The technique of one-step, rapid, quantitative detection of SARS-CoV-2 NAs is based on a GNP-coupled nanoplasmonic sensor with an exceptional optical transmission effect. The coupling effect between GNPs and the nanocup array chip can significantly enhance detection sensitivity. NHGNPs have peculiar plasmonic properties and a large exposed surface area, which have garnered attention in the field of sensors for chemical and biological detection (Lang et al., 2010). Maximization of sensor sensitivity is achieved by the exceptionally high structural stability of ultrafine NHGNPs. In this system, we utilized GNP-coupled nanoplasmonic sensor chips to quantify SARS-CoV-2 NAs. The highly specific S-RBD, which is a key target of host NAs and an important factor in vaccine design, can be used to detect total NAs in human serum.
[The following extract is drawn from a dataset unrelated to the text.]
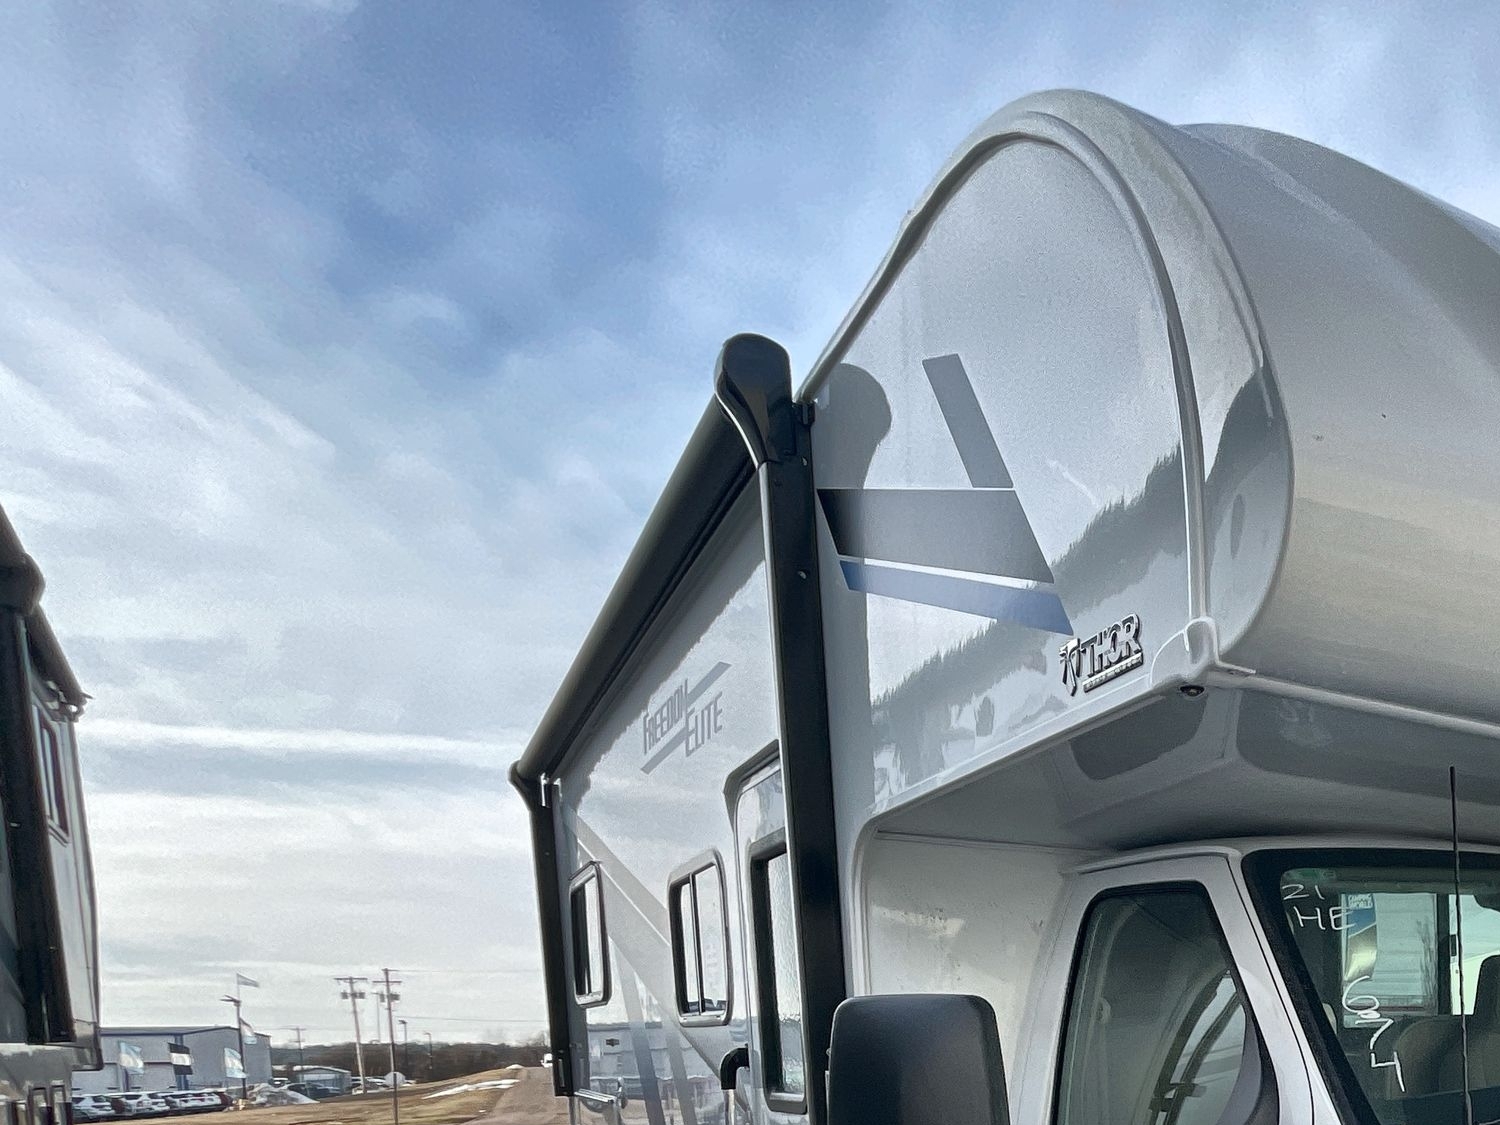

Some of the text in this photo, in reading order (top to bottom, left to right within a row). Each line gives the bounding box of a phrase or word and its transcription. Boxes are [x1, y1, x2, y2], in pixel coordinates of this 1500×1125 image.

[1080, 613, 1142, 678] THOR
[643, 678, 688, 756] FREEDOM
[685, 690, 723, 757] ELITE
The detection schematic is illustrated in Scheme 1. A mouse anti-human IgG solution was coated on a low-cost ultrasensitive biosensor integrated into a standard 96-well plate. Successive addition of serum positive for SARS-CoV-2 NAs and the (NH)GNP-labeled S-RBD protein results in the specific binding of target SARS-CoV-2 NAs in the serum to the (NH)GNP-labeled S-RBD, followed by capture by anti-human IgG on the 96-well chip surface, thereby forming sandwich immune-conjugate particles (protein–antibody–antibody). These immune-conjugate particles generate an SPR effect via the ultrasensitive plasmonic biosensor chip and change the OD at a specific wavelength in the microplate reader proportionate to the SARS-CoV-2 NA concentration in the serum.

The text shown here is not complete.